The stigma surrounding mental health is getting better, yet many men are still reluctant to talk about their mental health issues – and this is despite rising rates of suicide. Women are 63 percent more likely than men to seek help for mental health issues and, in the U.S., 78 percent of suicide attempts involve men.

Much of this reluctance has to do with the fact that many men still view mental illness as a sign of weakness. “I am the rock. I am the stable one. Weakness is bad. Men are strong,” a 30-year-old male told, in a recent article regarding mental health and mobile apps. He also admitted being okay telling his wife that he was sexually abused as a child (although he never reported it) but not okay admitting that he was suffering from depression.

Researchers have found that working-class men, men approaching middle age and men in rural areas are even more likely to view mental health as a sign of weakness and more likely to self-medicate with alcohol and drugs. And, as we in the addiction community know all-too well, self-medication doesn’t solve anything. It even worsens symptoms of depression.

To address this problem and circumvent the stigma men feel, researchers have been studying the use of mobile phones or online services. In fact, there are more and more apps that deliver mental health treatment to those who may be resistant to seeking face-to-face help.

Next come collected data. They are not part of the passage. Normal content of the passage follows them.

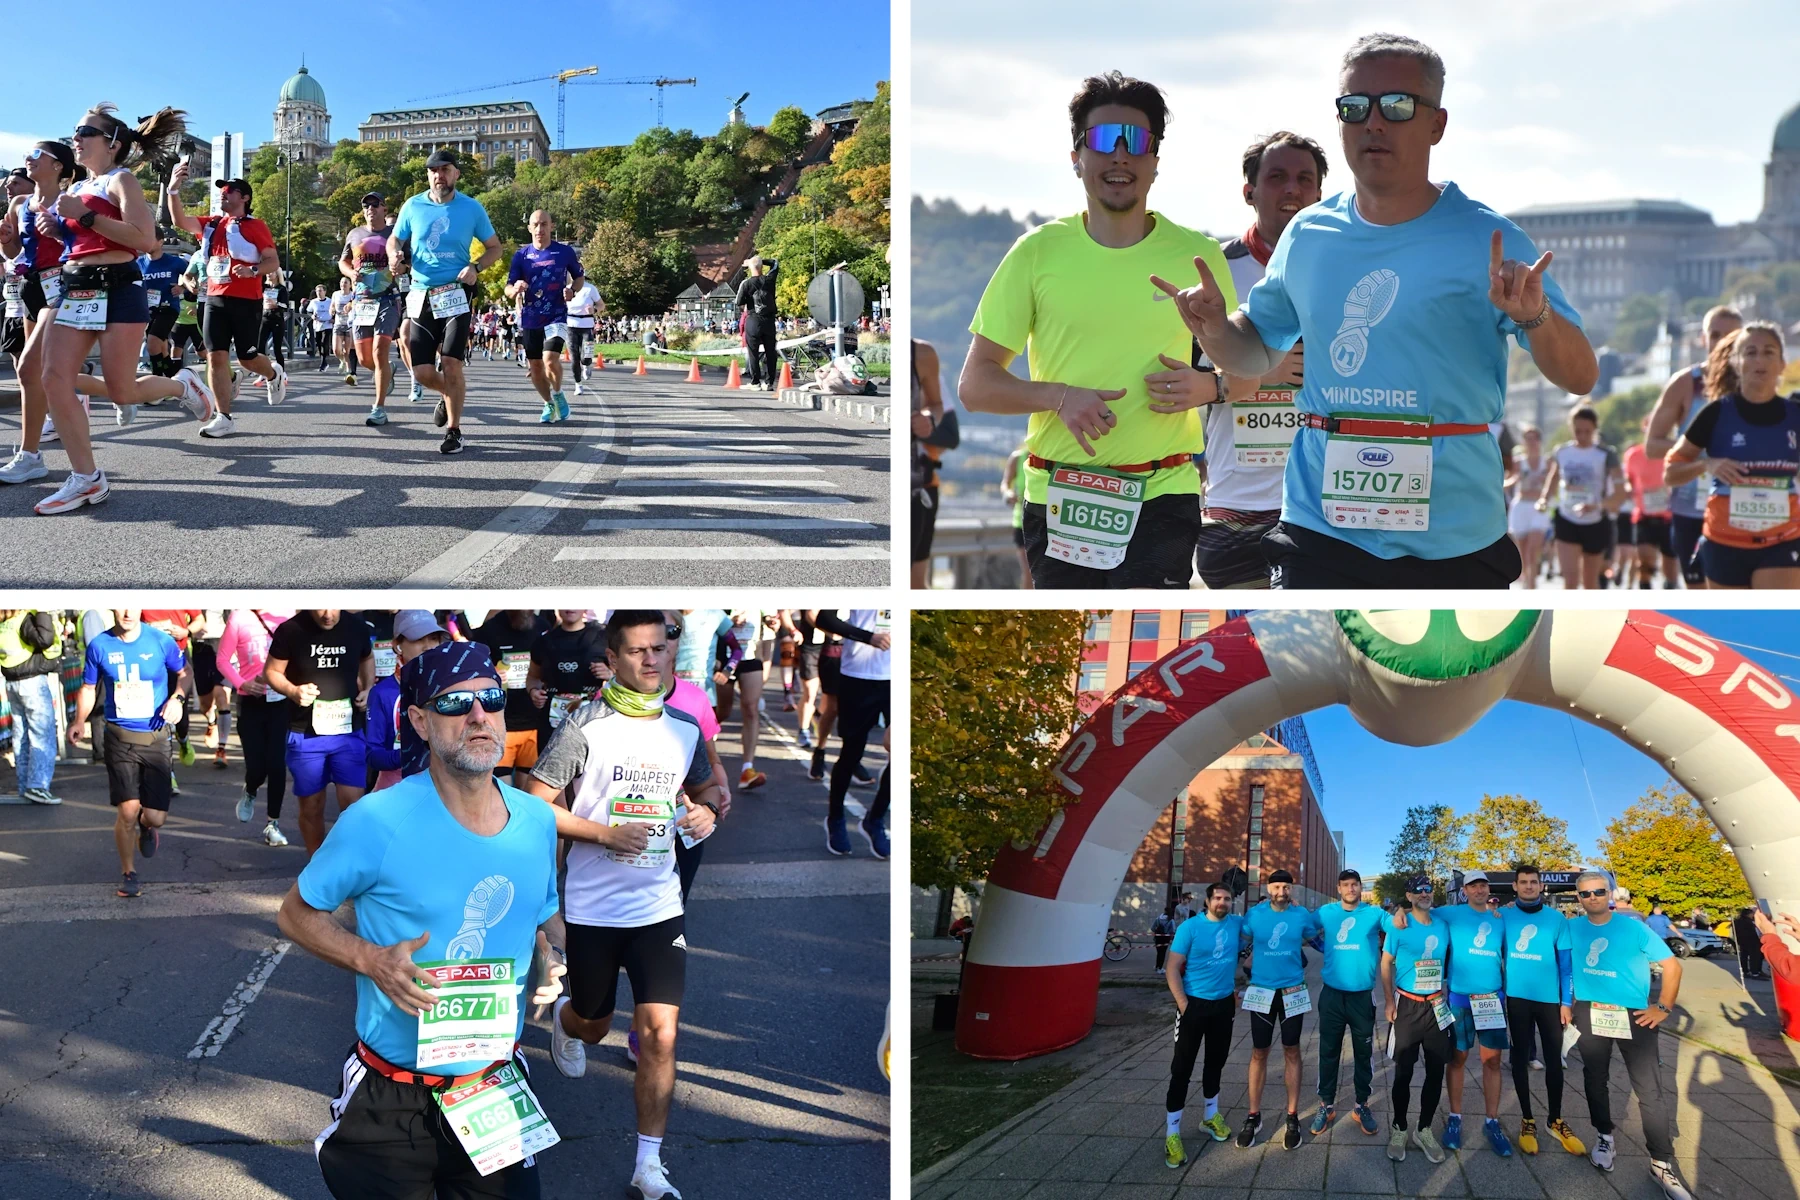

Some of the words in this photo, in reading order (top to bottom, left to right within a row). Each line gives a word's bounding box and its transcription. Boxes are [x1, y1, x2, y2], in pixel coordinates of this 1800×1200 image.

[76, 302, 99, 313] 2179
[440, 297, 462, 307] 15707
[1248, 392, 1291, 401] SPAR
[1247, 412, 1306, 429] 80438
[1362, 452, 1389, 462] TOLLE
[1067, 472, 1120, 491] SPAR
[1332, 470, 1404, 493] 15707
[1411, 478, 1421, 490] 3
[1735, 501, 1776, 514] 15355
[1051, 504, 1058, 515] 3
[1067, 504, 1128, 532] 16159
[310, 644, 347, 657] Jézus
[317, 657, 340, 668] ÉL!
[1655, 623, 1800, 738] SP
[613, 765, 676, 785] BUDAPEST
[630, 784, 671, 795] MARATON
[624, 804, 660, 815] SPAR
[1510, 952, 1542, 961] MINDSPIRE
[435, 967, 490, 980] SPAR
[429, 997, 493, 1021] 16677
[500, 998, 507, 1012] 1
[1595, 1018, 1619, 1026] 15707
[452, 1076, 499, 1101] SPAR
[461, 1125, 470, 1136] 3
[472, 1094, 528, 1133] 16677

“In many ways it’s easier to be open on a screen, than with someone looking you in the eye,” Dr. Grant Blashki, told

Treating a Co-Occurring Disorder

At Spearhead, we know that mental illness is not a sign of weakness, nor is seeking help. If you or someone you love is struggling with mental illness and/or addiction, Spearhead Lodge can help. Our program is structured to address the underlying factors that led to mental health issues and addiction. To learn more, call today: 888-483-0528.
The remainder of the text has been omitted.